Adapted in 1961 from Henry James’s masterpiece of ambiguity The Turn of the Screw, Jack Clayton’s The Innocents is one of the finest ghost stories in British cinema. With an intelligent screenplay by Truman Capote, William Archibald and John Mortimer; radiant cinematography by Freddie Francis (who went on to direct films for Hammer and Amicus, as well as the brilliant 70s oddity Mumsy, Nanny, Sonny and Girly); an eerie score by Georges Auric; and an extraordinary performance by Deborah Kerr, the film is a superbly crafted, subtle gem that remains deeply disturbing.

Read Robert Barry’s feature on the score and Daphne Oram’s electronic sound effects for the film here.

Kerr plays Miss Giddens, a repressed minister’s daughter, who has left the shelter of her father’s parish to seek employment as a governess. She is hired by a wealthy bachelor (Michael Redgrave) to look after his orphaned niece and nephew on his country estate. On arrival at Bly House, she is charmed by the delightful Flora (Pamela Franklin) and Miles (Martin Stephens), but a number of strange occurrences lead her to believe that the children are possessed by the spirits of the previous governess, Miss Jessel (Clytie Jessop), and former disreputable servant Quint (Peter Wyngarde), who died violent, mysterious deaths after a scandalous love affair.

Whether Miss Giddens is right, or whether the ghosts are simply a manifestation of her growing derangement, is left carefully undecided in the perfectly poised original story. Clayton’s film, and Kerr’s performance, seem to lean more towards the thesis of the governess’s insanity, although both beautifully maintain enough layers of ambiguity. Flora and Miles’s angelic features and apparent sweet natures are marred by unexplained behaviour, suggestive silences and intimations of cruelty, which could corroborate Miss Giddens’s fears.

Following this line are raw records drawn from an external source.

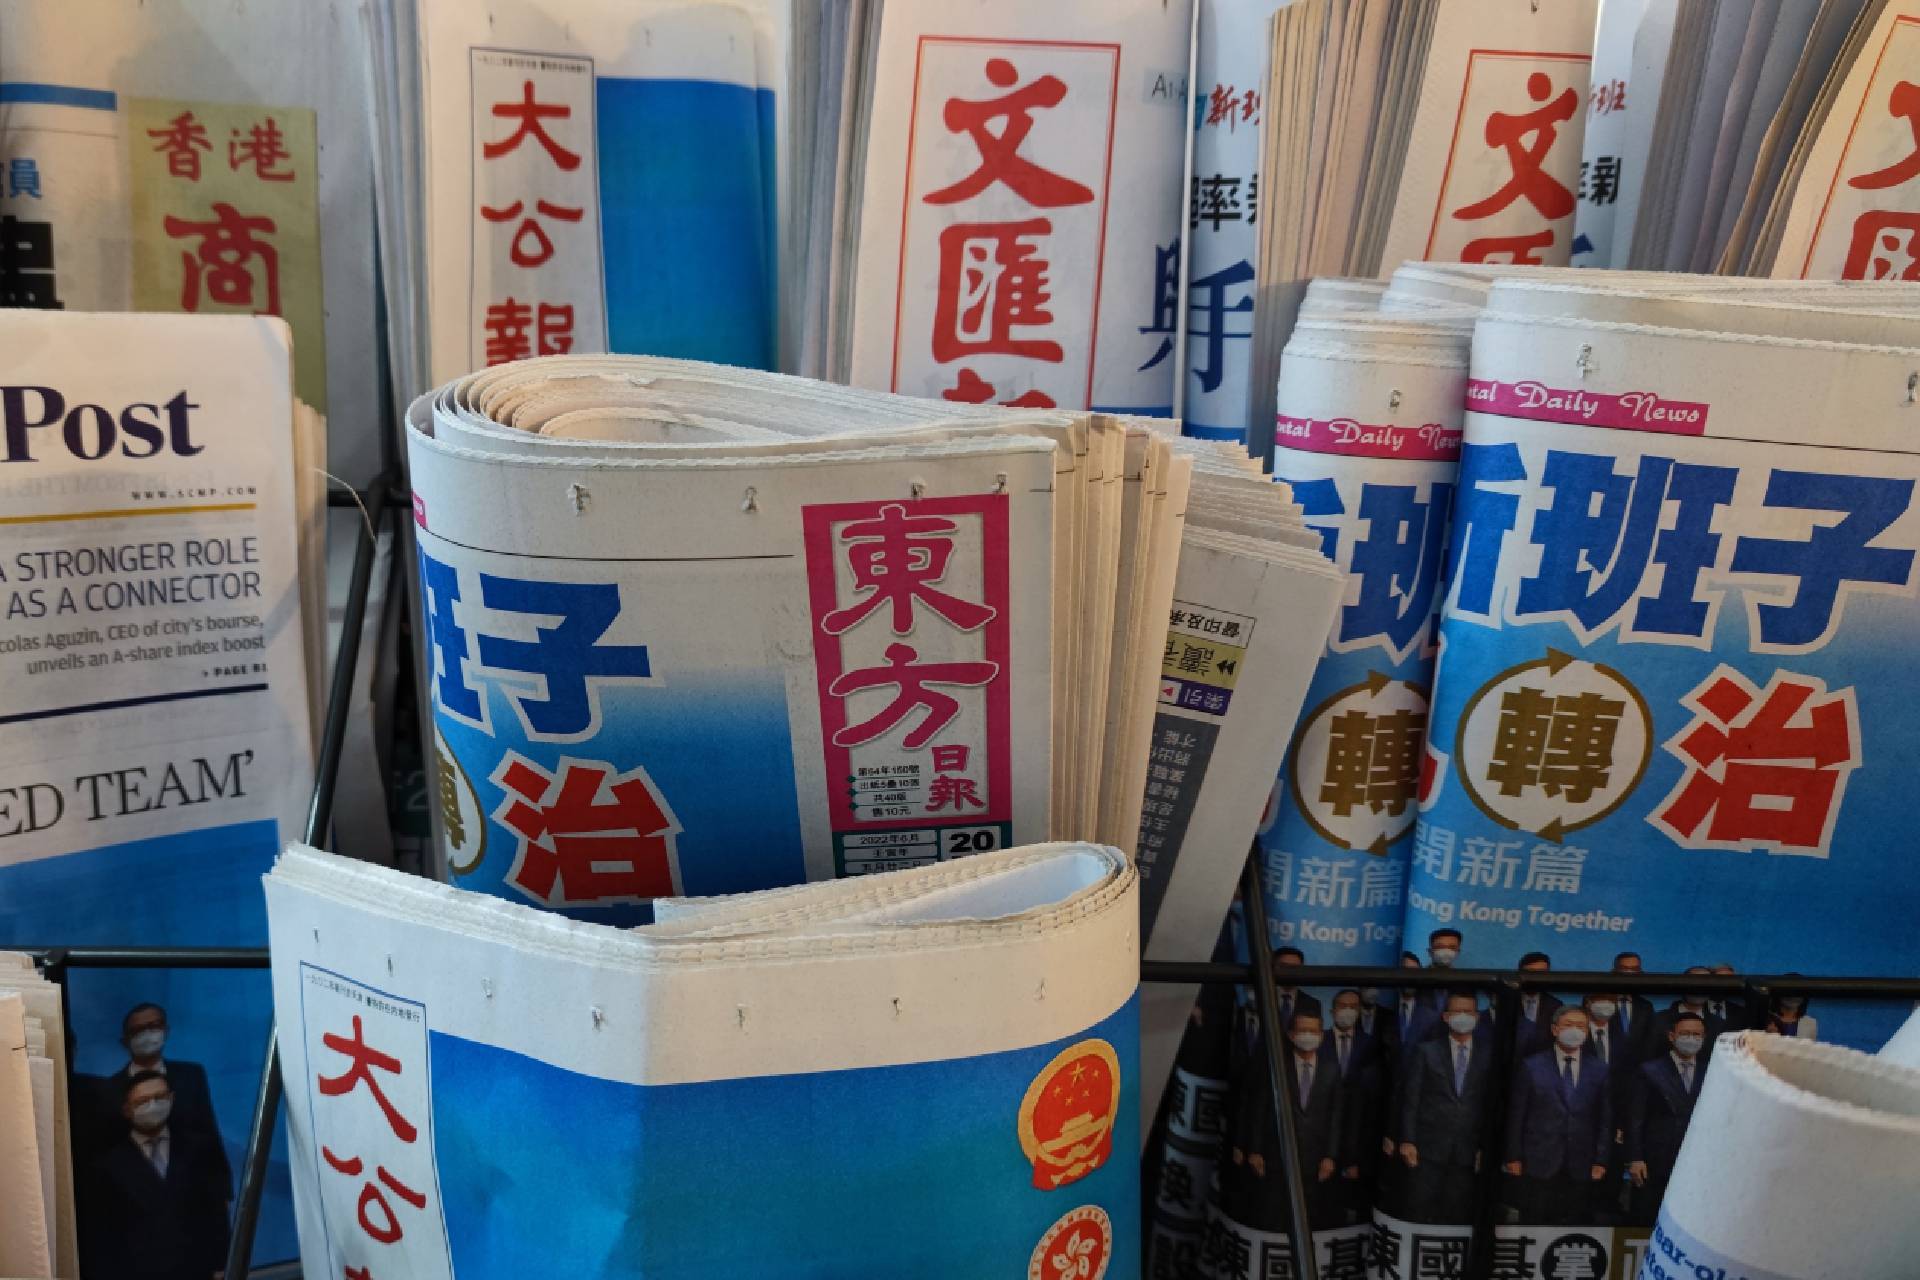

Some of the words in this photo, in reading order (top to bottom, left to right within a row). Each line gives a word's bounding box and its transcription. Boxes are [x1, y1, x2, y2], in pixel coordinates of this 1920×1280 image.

[147, 111, 295, 182] 香港
[481, 80, 584, 367] 大公報
[164, 203, 281, 316] 商
[1514, 382, 1599, 419] Daily
[1619, 394, 1701, 423] News
[0, 386, 205, 463] Post
[1328, 420, 1405, 452] Daily
[16, 541, 176, 582] STRONGER
[185, 536, 260, 569] ROLE
[6, 589, 47, 620] AS
[56, 587, 78, 615] A
[85, 571, 261, 612] CONNECTOR
[108, 624, 139, 641] CEO
[143, 621, 158, 637] of
[26, 656, 85, 675] unveils
[88, 652, 109, 667] an
[112, 643, 173, 664] A-share
[177, 639, 219, 657] index
[949, 829, 995, 853] 20
[1300, 918, 1359, 947] Kong
[1460, 900, 1521, 929] Kong
[1528, 906, 1634, 933] Together
[317, 1014, 428, 1280] 大公

As for Kerr, she is both heartbreaking and frightening in the intensity of her need for love and human attachment, and her passionate desire to ‘save’ the children may well cause their destruction instead.

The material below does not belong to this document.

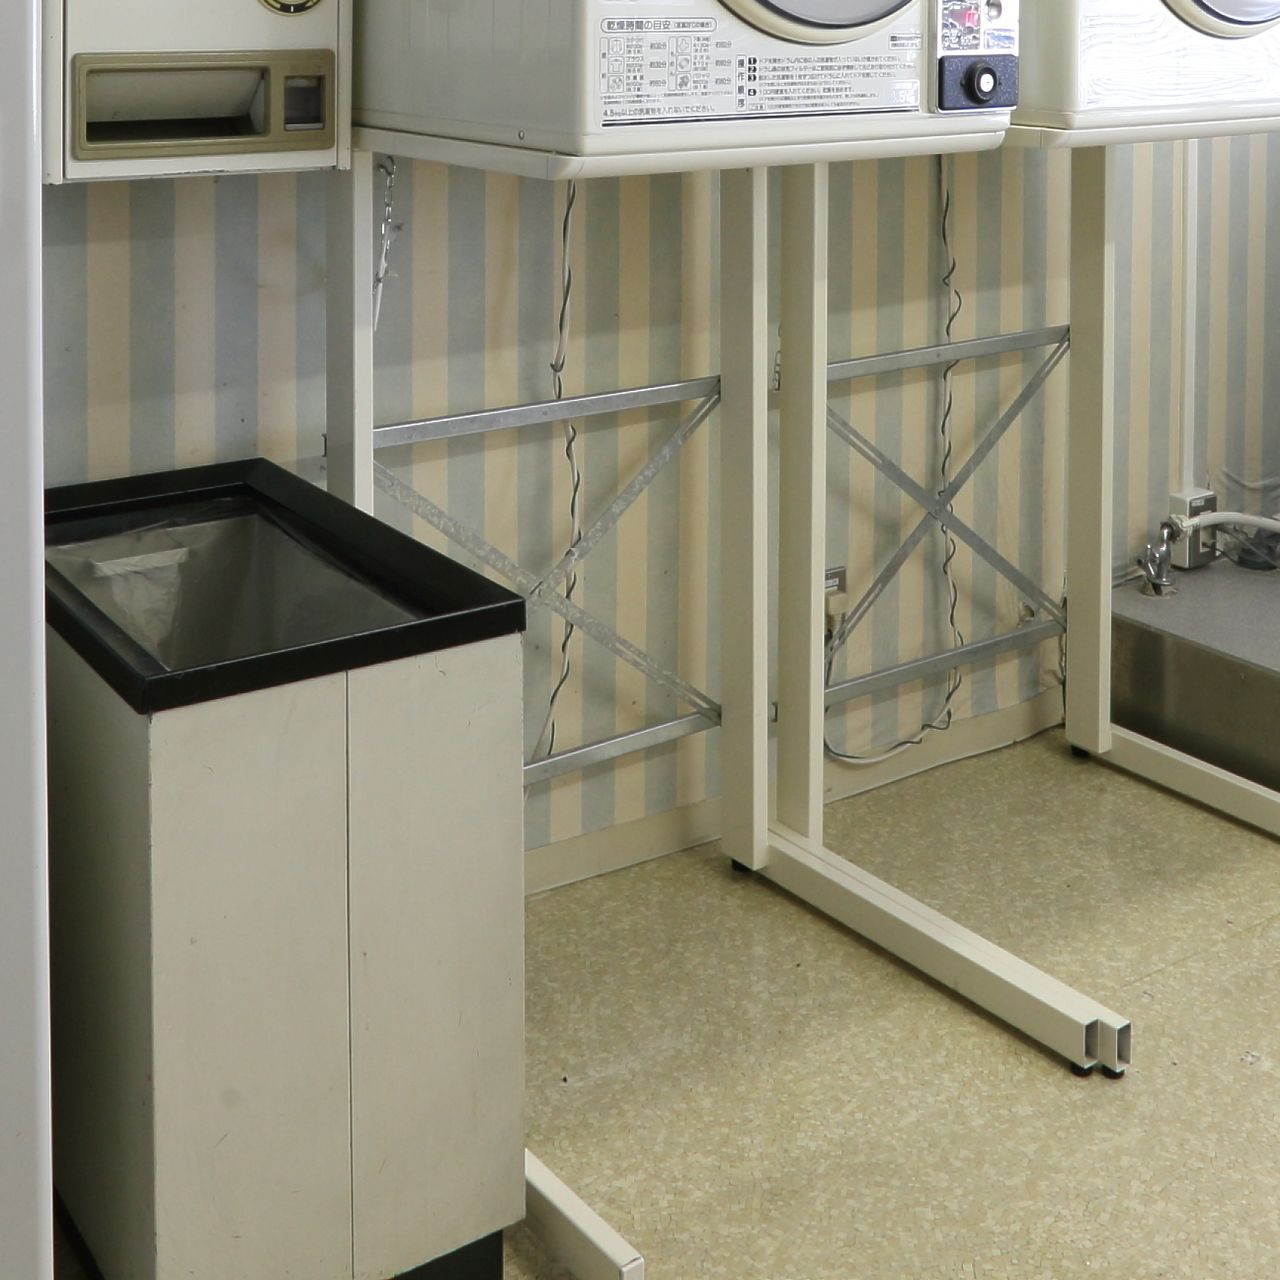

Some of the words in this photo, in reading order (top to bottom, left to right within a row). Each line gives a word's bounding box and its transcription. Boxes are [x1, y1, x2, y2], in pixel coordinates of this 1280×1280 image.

[606, 19, 671, 31] 乾燥時間の目安

At the heart of the film (and of the short story) lies a deep, dark, tortured anxiety about the innocence of children and the corruption of sex. Flora and Miles may know more than they should, and it is this terrible suspicion that so troubles the inexperienced, straight-laced Miss Giddens. Nature is the symbol of that corrupting force, of the carnal urges and predatory instincts that intrude upon the civilised, polite world of tea, corsets and lace at Bly House. The idyllic garden that surrounds the house is spoiled by defilement and savagery: a cockroach comes out of the mouth of a cherubic statue, a spider eats a butterfly on the terrace and the singing of birds sometimes sounds deafeningly menacing. The ghosts of Quint and Miss Jessel are feral presences that lurk outside the domesticated house, waiting to ‘contaminate’ the children. When Miss Giddens demands that the kindly housekeeper, Mrs Grose (Megs Jenkins), reveal what she knows, the latter wonderfully obliquely explains that Quint and Jessel used the rooms on the upper floor of the house ‘as if they were woods’, confirming that the lovers belong to the world of the wild, of filthy, depraved sexuality – to Miss Giddens’s horror.

So much is suggested, and so little shown. An atmospheric tour de force, with a tremendous sense of restraint that gives the film its evocative power, The Innocents is all about hints of shameful secrets and intimations of improper desires, set among arches and vaults, dark wooden panels and spectral candle glow, with Deborah Kerr’s anguished, moving face so often the only spot of light in the darkness. And how haunting that face and its unresolved torments are.